* Exercise details
Only lines that contain the word "words" belong in the answer; copy them from the records below.

* Data supplied
--
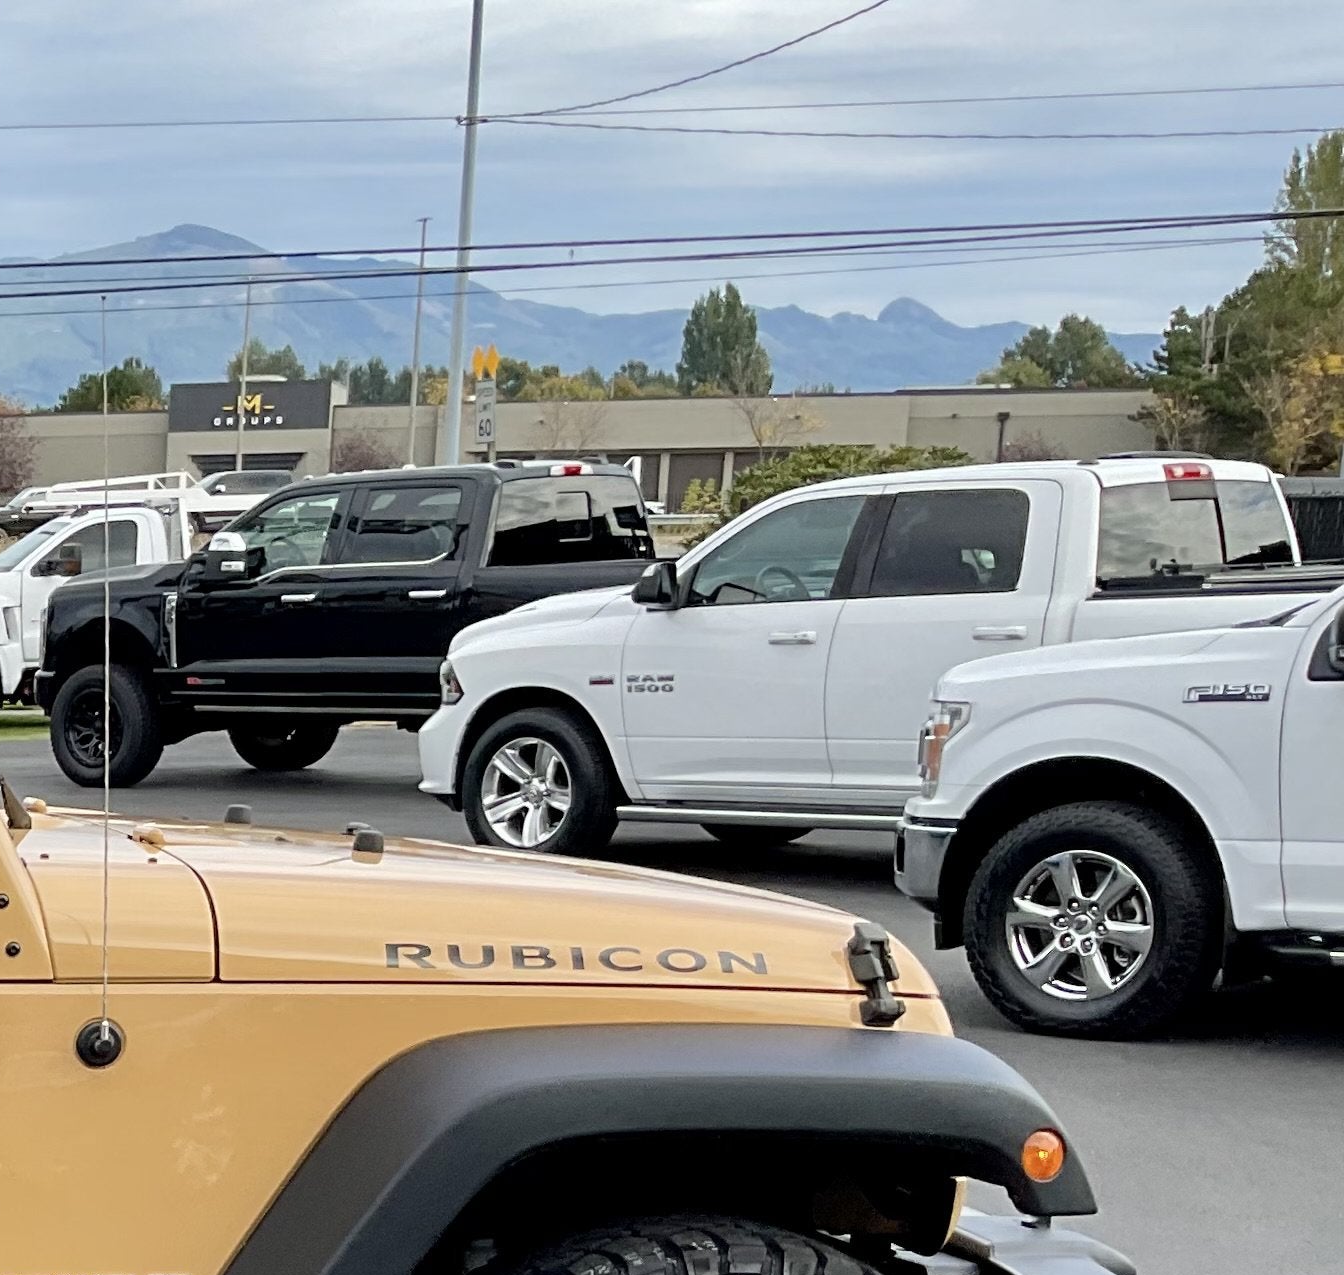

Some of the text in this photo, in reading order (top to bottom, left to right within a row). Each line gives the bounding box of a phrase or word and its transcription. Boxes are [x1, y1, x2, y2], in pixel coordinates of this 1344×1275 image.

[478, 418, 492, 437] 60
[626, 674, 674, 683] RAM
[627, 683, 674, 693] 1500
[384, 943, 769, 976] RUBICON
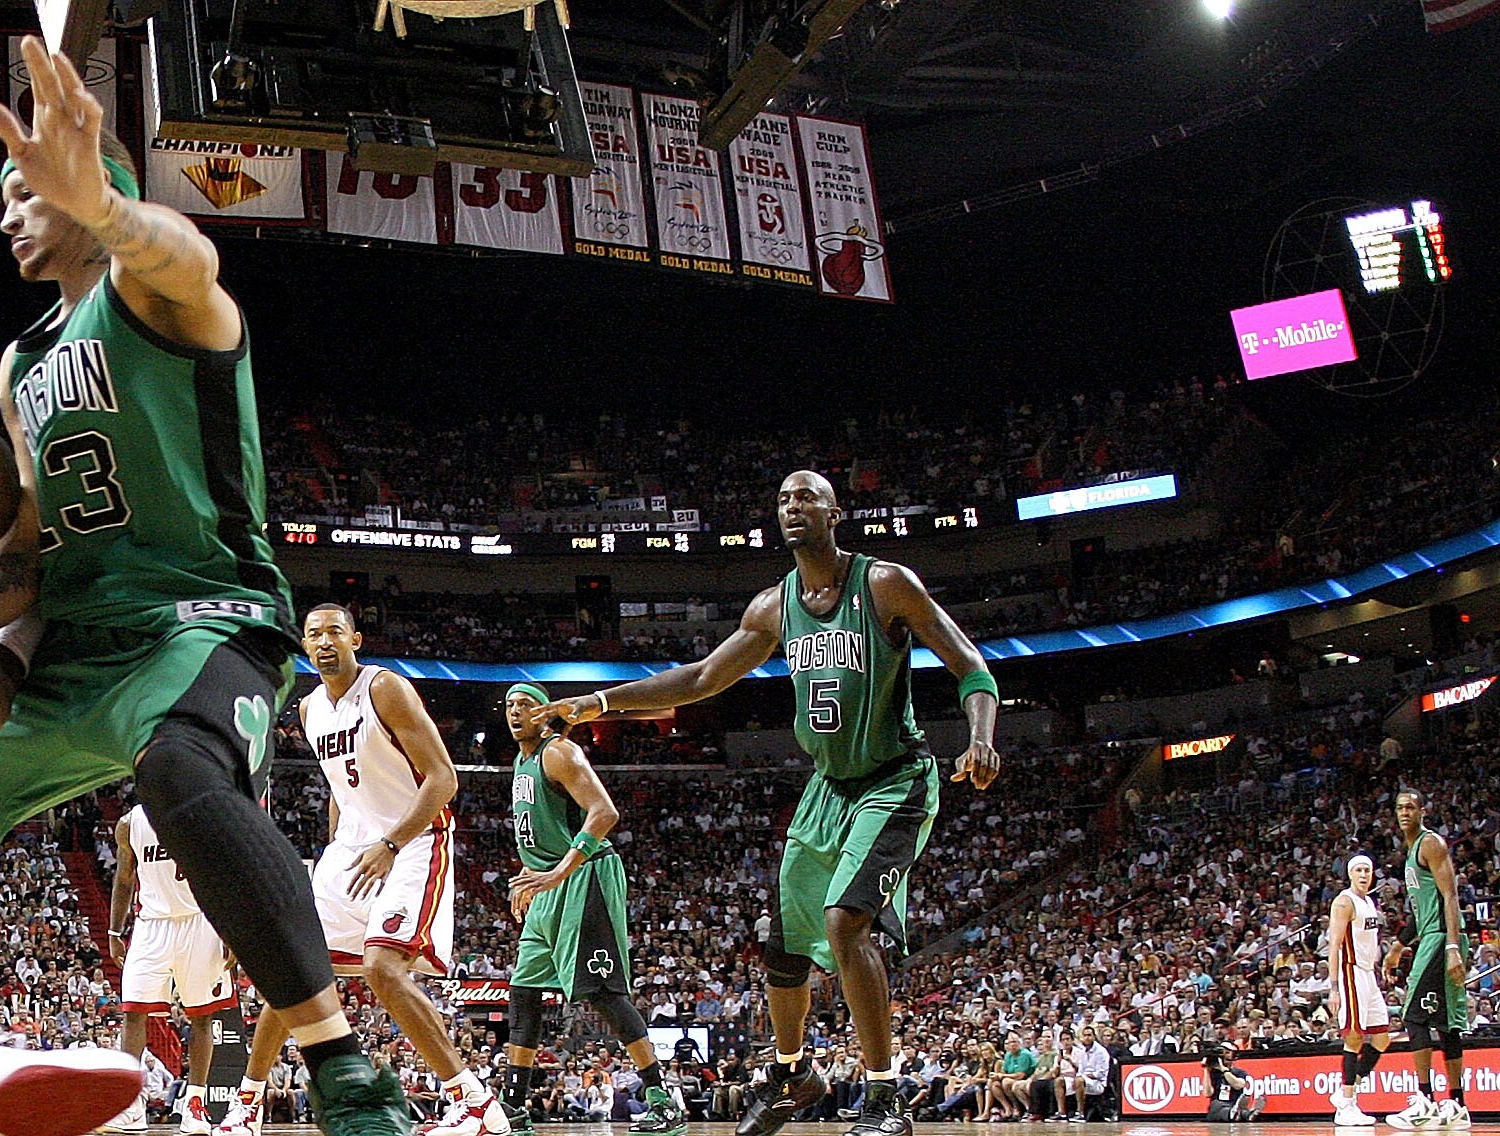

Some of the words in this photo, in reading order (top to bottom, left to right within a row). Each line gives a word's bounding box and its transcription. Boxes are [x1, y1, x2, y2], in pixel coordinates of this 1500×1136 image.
--
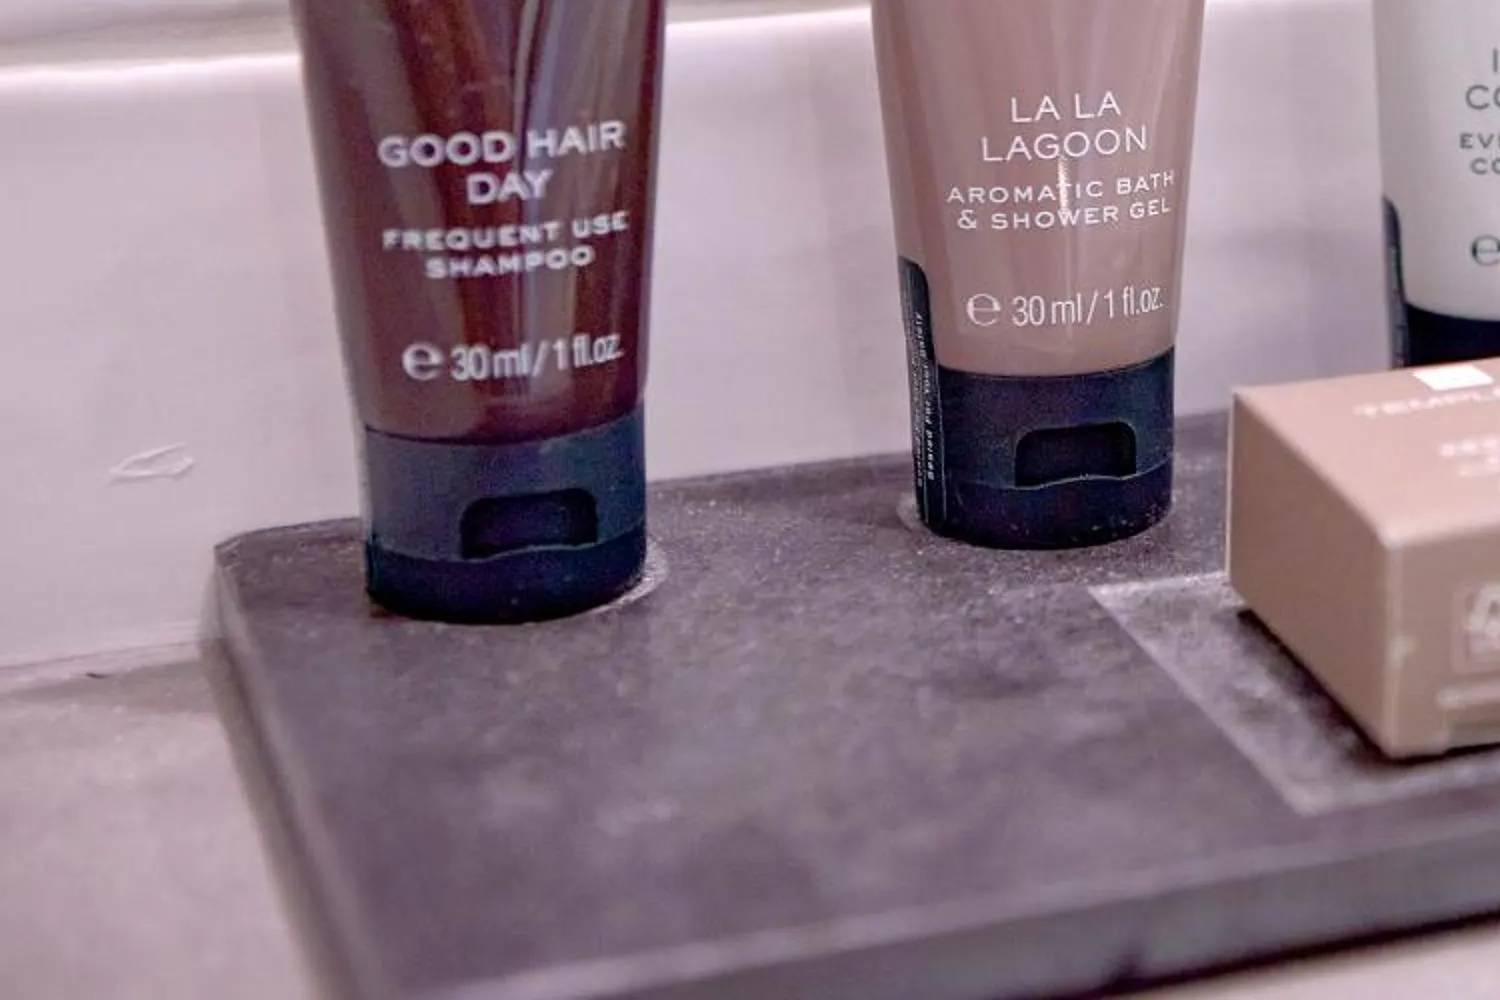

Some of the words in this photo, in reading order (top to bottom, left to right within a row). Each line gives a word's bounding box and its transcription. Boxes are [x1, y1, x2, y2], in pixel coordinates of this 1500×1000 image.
--
* Completed exercise
Some of the words in this photo, in reading order (top to bottom, left to right within a row). Each line gives a word's bounding box and its transcription. Boxes are [x1, y1, x2, y2], in pixel coordinates of this 1500×1136 image.
Some of the words in this photo, in reading order (top to bottom, left to right within a row). Each line gives a word's bounding box and its transcription. Boxes are [x1, y1, x2, y2], in pixel coordinates of this 1500×1000 image.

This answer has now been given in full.